Previous studies have shown that favipiravir has efficacy against a range of RNA viruses, such as Ebola, influenza, yellow fever, the arena virus and the bunyaviridae virus.
Sihuan co-developed favipiravir with the Institute of Microbiology and Epidemiology of the Academy of Military Medical Sciences. In 2014, Sihuan paid the Chinese military scientific unit ¥10 million (US$1.435 million) for the ownership and franchise of the drug. Favipiravir was approved for emergency military use to treat Ebola in the same year.
It remains to be seen if the military-linked pharma company can clear the regulatory hurdles required as rapidly for the drug to be used in the treatment of COVID-19.
Sihuan said in a statement that it is fully stocked with the raw materials needed for favipiravir’s preparation and production. Once the drug is approved, Sihuan will provide it for free as a treatment for COVID-19 in response to the public health emergency.
Last month, Chinese authorities named favipiravir, along with chloroquine phosphate and Gilead Sciences Inc.’s remdesivir, as potential treatments for the coronavirus after Chinese researchers scanned more than 70,000 drugs or compounds through computer simulations and in vitro enzyme activity tests in hopes of identifying available drugs that could be repurposed for the novel virus.
Chinese pharma companies quickly responded to the call.
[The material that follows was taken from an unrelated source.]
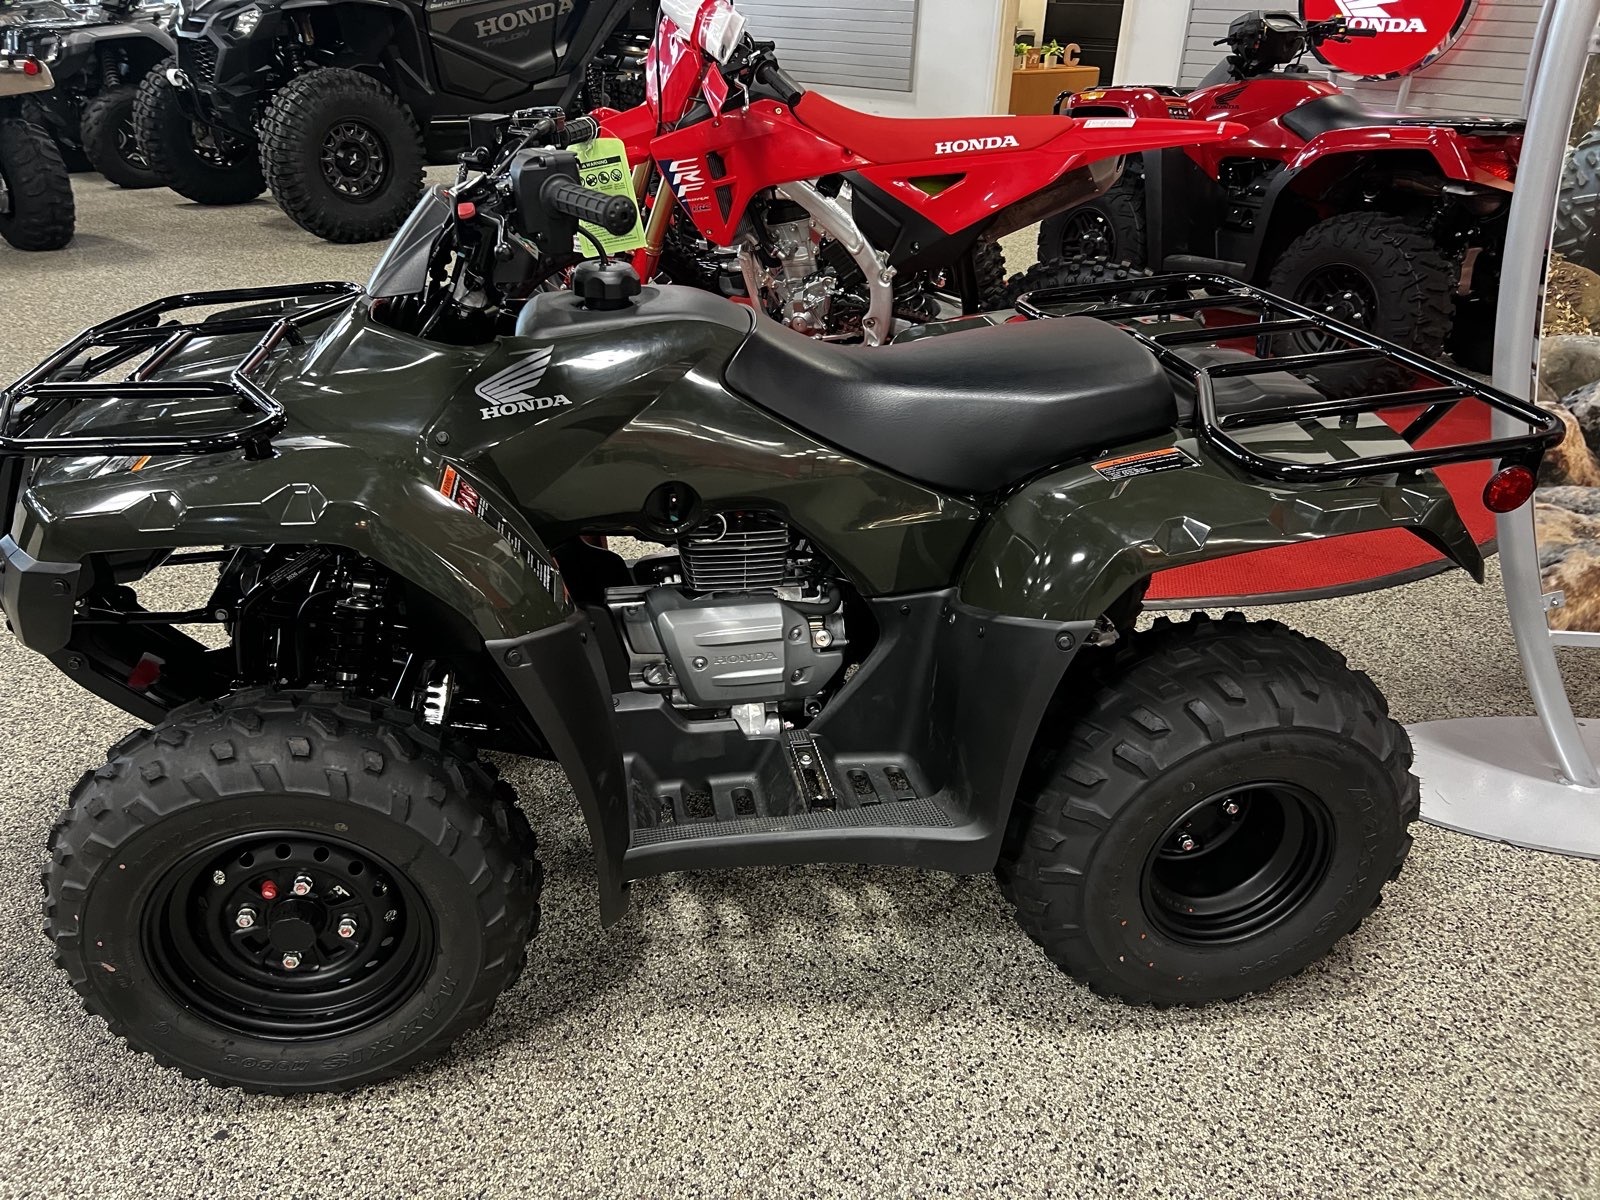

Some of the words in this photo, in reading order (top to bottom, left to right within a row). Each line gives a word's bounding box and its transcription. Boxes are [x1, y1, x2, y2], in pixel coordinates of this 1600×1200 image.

A few days later, Zhejiang Hisun Pharmaceutical Co. Ltd. was granted approval to start clinical trials of favipiravir as an investigational therapy for COVID-19. Hisun bought the exclusive rights to favipiravir from Japan’s Toyama Chemical Co. Ltd., which is under Fujifilm Holdings Corp., in June 2016.
Currently, China is holding six clinical trials that involve investigating favipiravir’s safety and efficacy for COVID-19, with some comparing favipiravir to lopinavir/ritonavir or baloxavir marboxil.
Favipiravir is also seen as a promising treatment for COVID-19 in Japan. Katsunobu Kato, Japan’s Minister of Health, Labor and Welfare, said on Feb. 22 that the country is planning to test Fujifilm’s favipiravir, also known as Avigan, against the coronavirus.
Kana Matsumoto, of Fujifilm’s corporate communications division, told BioWorld in a previous interview that The National Center for Global Health and Medicine has formed a project team for research purposes and is preparing responses for the treatment of patients with novel coronavirus at two medical centers. One of the centers had started administration of Avigan.
Meanwhile, South Korea’s Ministry of Food and Drug Safety also said on Feb. 25 that it is considering fast-track approval to import Avigan for the treatment of COVID-19.
Avigan was approved in Japan in March 2014 to treat influenza in patients who do not respond to other therapies, and last month China approved it, with conditions, to treat new and recurring influenza in adults. The drug has not yet been approved as a COVID-19 treatment anywhere.